Tête d'analyse > élections municipales

Analyse > fraude. lutte et prévention.

Question publiée au JO le : 22/11/2016
Réponse publiée au JO le : 30/11/2016 page : 8022

Texte de la question

Mme Laurence Dumont rappelle à M. le ministre de l'intérieur qu'au lendemain des élections municipales de 2014, dans sa circonscription, le tribunal administratif de Caen annulait l'élection des deux conseillers municipaux Front national et prononçait l'inégibilité d'un an pour la tête de liste, compte tenu « de la gravité de la manœuvre commise ». Le tribunal a en effet estimé que le consentement de sept personnes à figurer sur la liste « Giberville Bleu Marine » avait été obtenu par l'effet d'une manœuvre dissimulant, sur le document qui leur a été présenté, le fait qu'il leur était en réalité demandé, par leur signature, de se porter candidats. Si l'élection des deux fraudeurs a été annulée, les deux candidats de la liste adverse qui auraient pu siéger en sont empêchés et le conseil municipal fonctionne avec 24 conseillers au lieu de 26. La députée a déposé une proposition de loi pour que ces agissements ne puissent pas se reproduire. Elle a bon espoir qu'elle soit examinée avant la fin de la législature.
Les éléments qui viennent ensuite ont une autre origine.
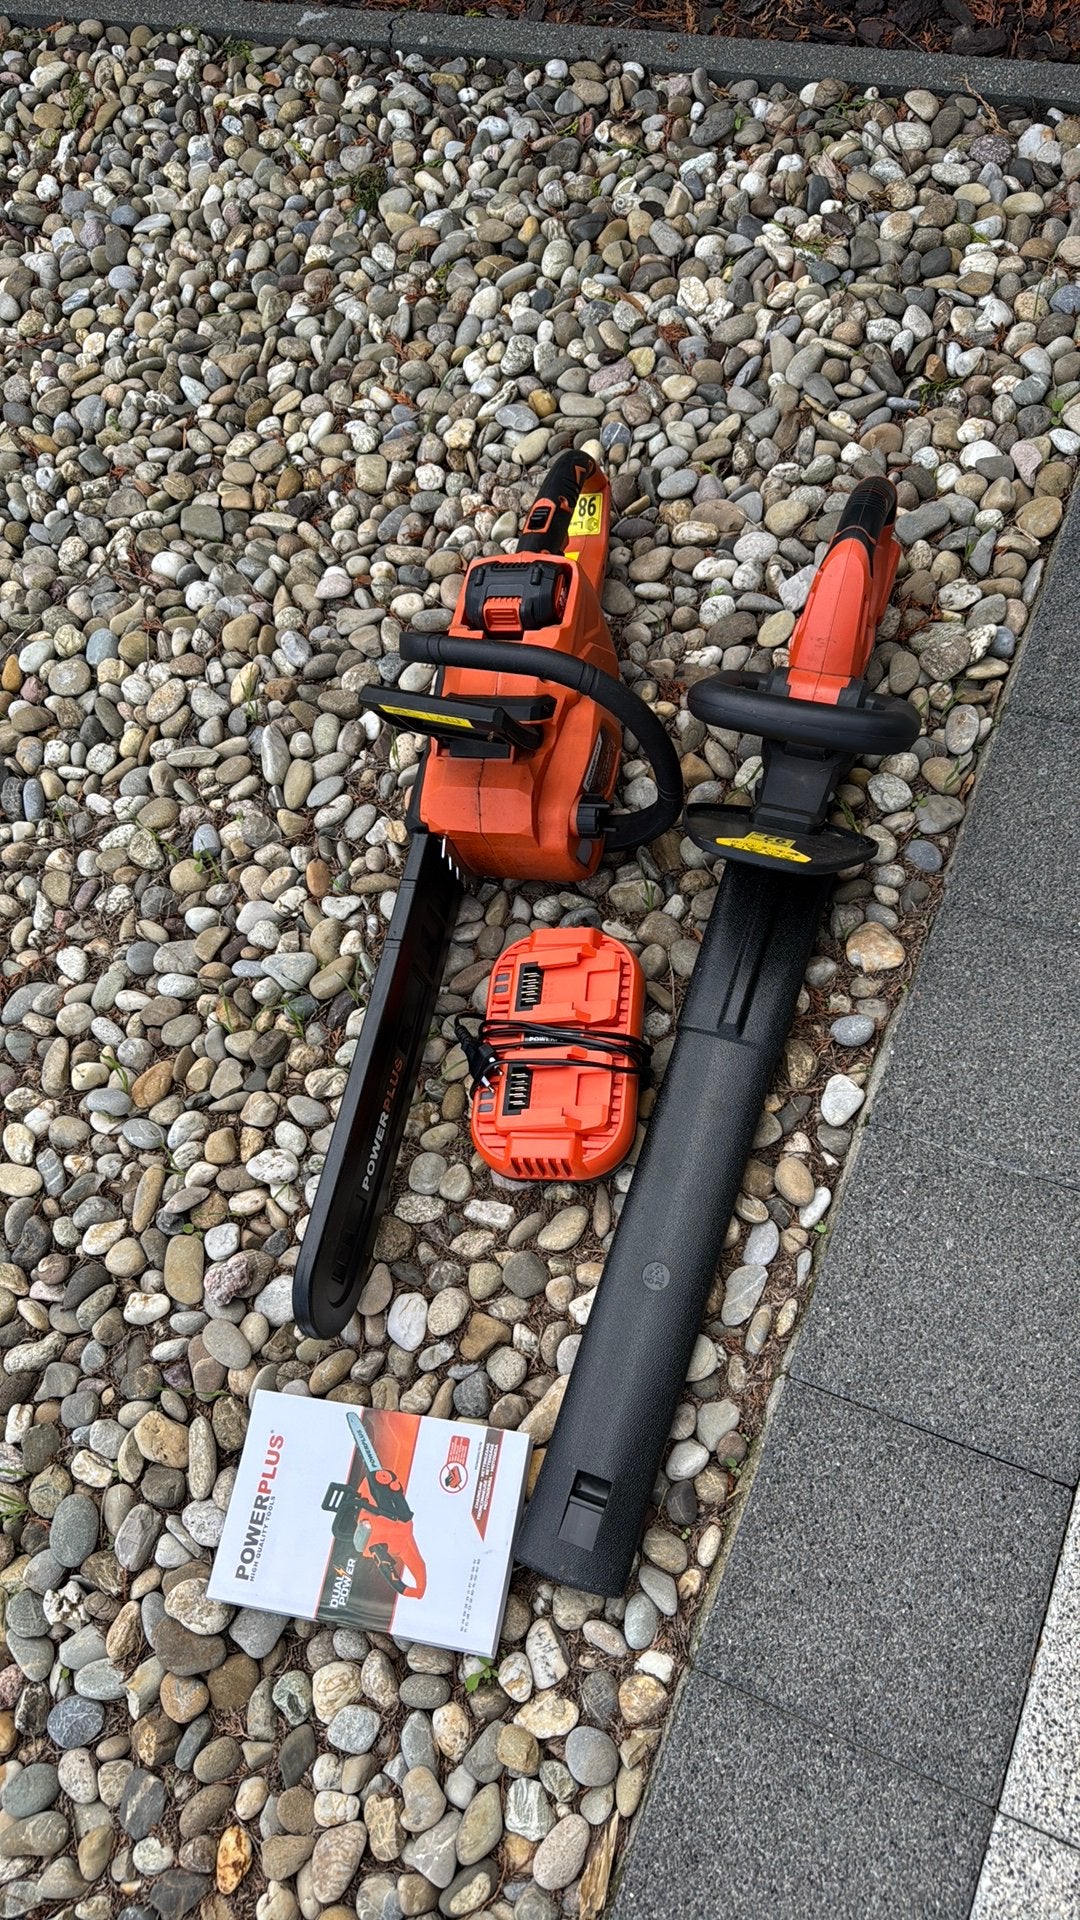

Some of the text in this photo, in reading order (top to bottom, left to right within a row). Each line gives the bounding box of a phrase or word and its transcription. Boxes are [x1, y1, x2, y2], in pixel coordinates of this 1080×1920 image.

[362, 1056, 404, 1192] POWERPLUS
[357, 1429, 377, 1468] POWERPLUS
[235, 1434, 284, 1581] POWERPLUS
[249, 1496, 276, 1582] HIGH QUALITY TOOLS
[330, 1576, 344, 1608] DUAL
[339, 1558, 356, 1606] POWER
Néanmoins, il lui semble nécessaire de prévoir un mécanisme, en cas de fraude avérée et d'annulation de l'élection des fraudeurs, permettant aux candidats des autres listes de compléter le conseil municipal, dans les cas où une nouvelle élection n'est pas envisagée. En effet, si les candidats fraudeurs ont perdu leur siège, les non élus et les élus de la liste ayant remporté l'élection se sentent doublement pénalisés. Ils ne sont pas élus et les sièges ne sont pas pourvus. Aussi, elle lui serait reconnaissante de bien vouloir faire part aux élus de Giberville mais aussi des autres communes concernées par ces abus, de ce que l'État met en œuvre afin, à l'avenir, d'éviter ces situations.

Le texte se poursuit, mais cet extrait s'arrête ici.